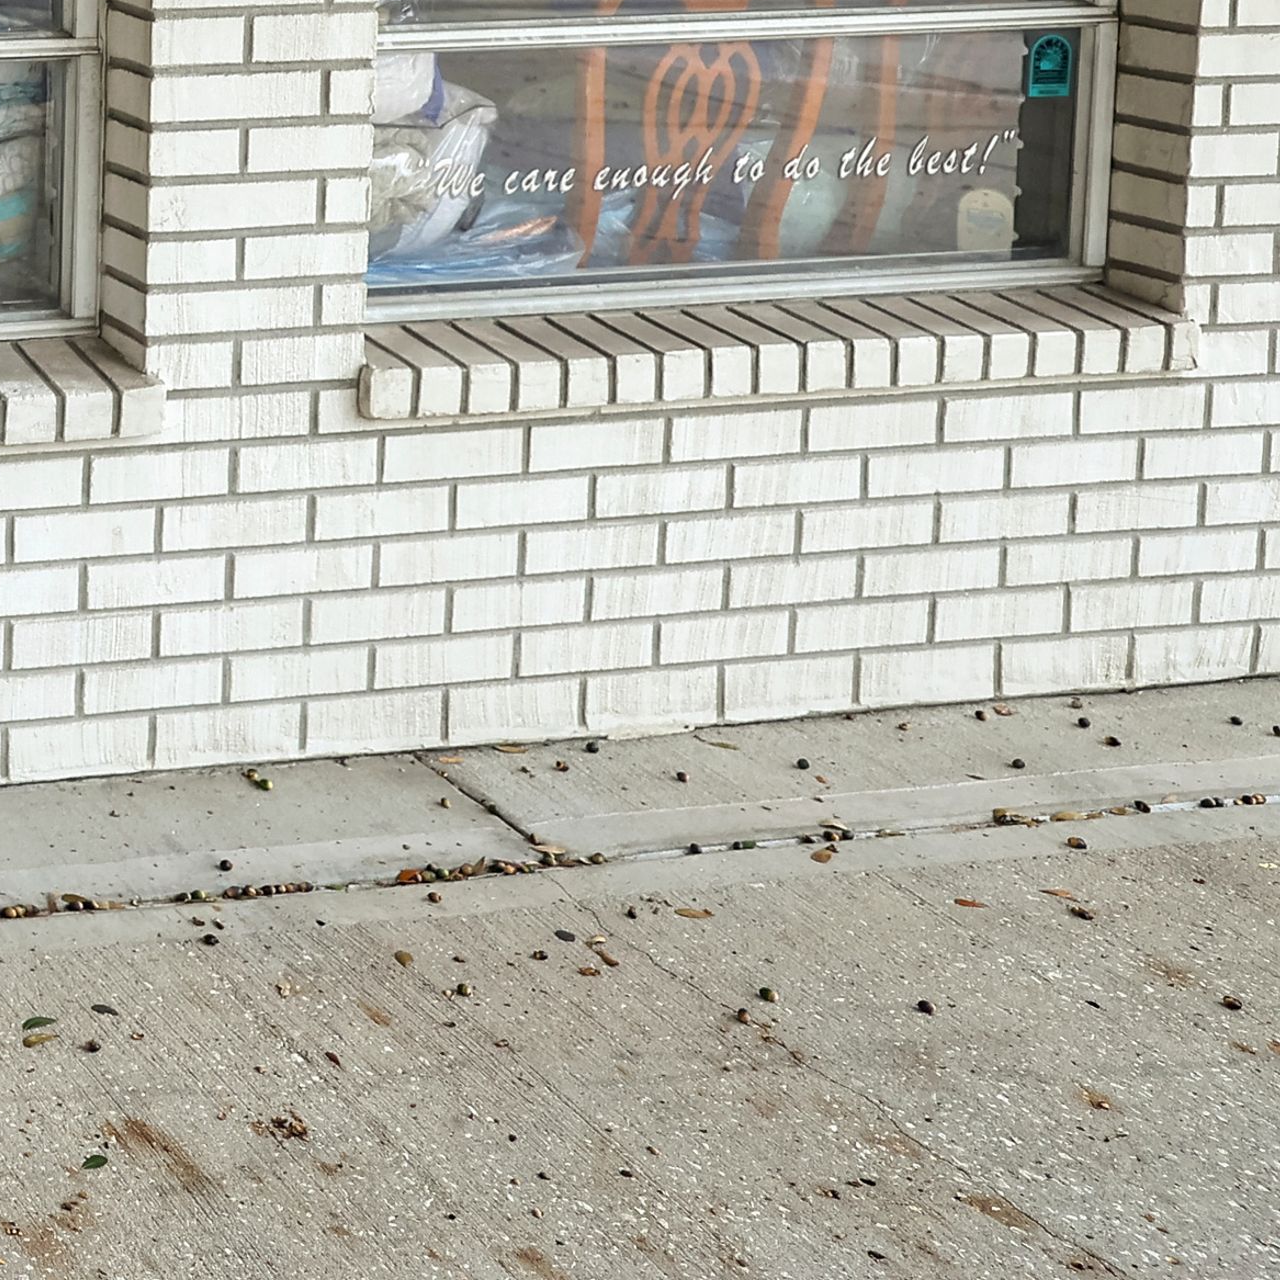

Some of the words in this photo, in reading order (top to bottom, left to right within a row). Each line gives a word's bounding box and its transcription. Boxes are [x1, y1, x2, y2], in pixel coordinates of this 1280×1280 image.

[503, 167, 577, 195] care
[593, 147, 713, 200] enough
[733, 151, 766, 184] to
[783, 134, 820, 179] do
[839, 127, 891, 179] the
════
Work to complete >> Word-for-word transcript, pictures excluded: copy all the material above.

Task answer >>
Some of the words in this photo, in reading order (top to bottom, left to right within a row). Each line gives a word's bounding box and its transcription. Boxes are [x1, y1, x2, y2], in pixel coordinates of this 1280×1280 image.

[503, 167, 577, 195] care
[593, 147, 713, 200] enough
[733, 151, 766, 184] to
[783, 134, 820, 179] do
[839, 127, 891, 179] the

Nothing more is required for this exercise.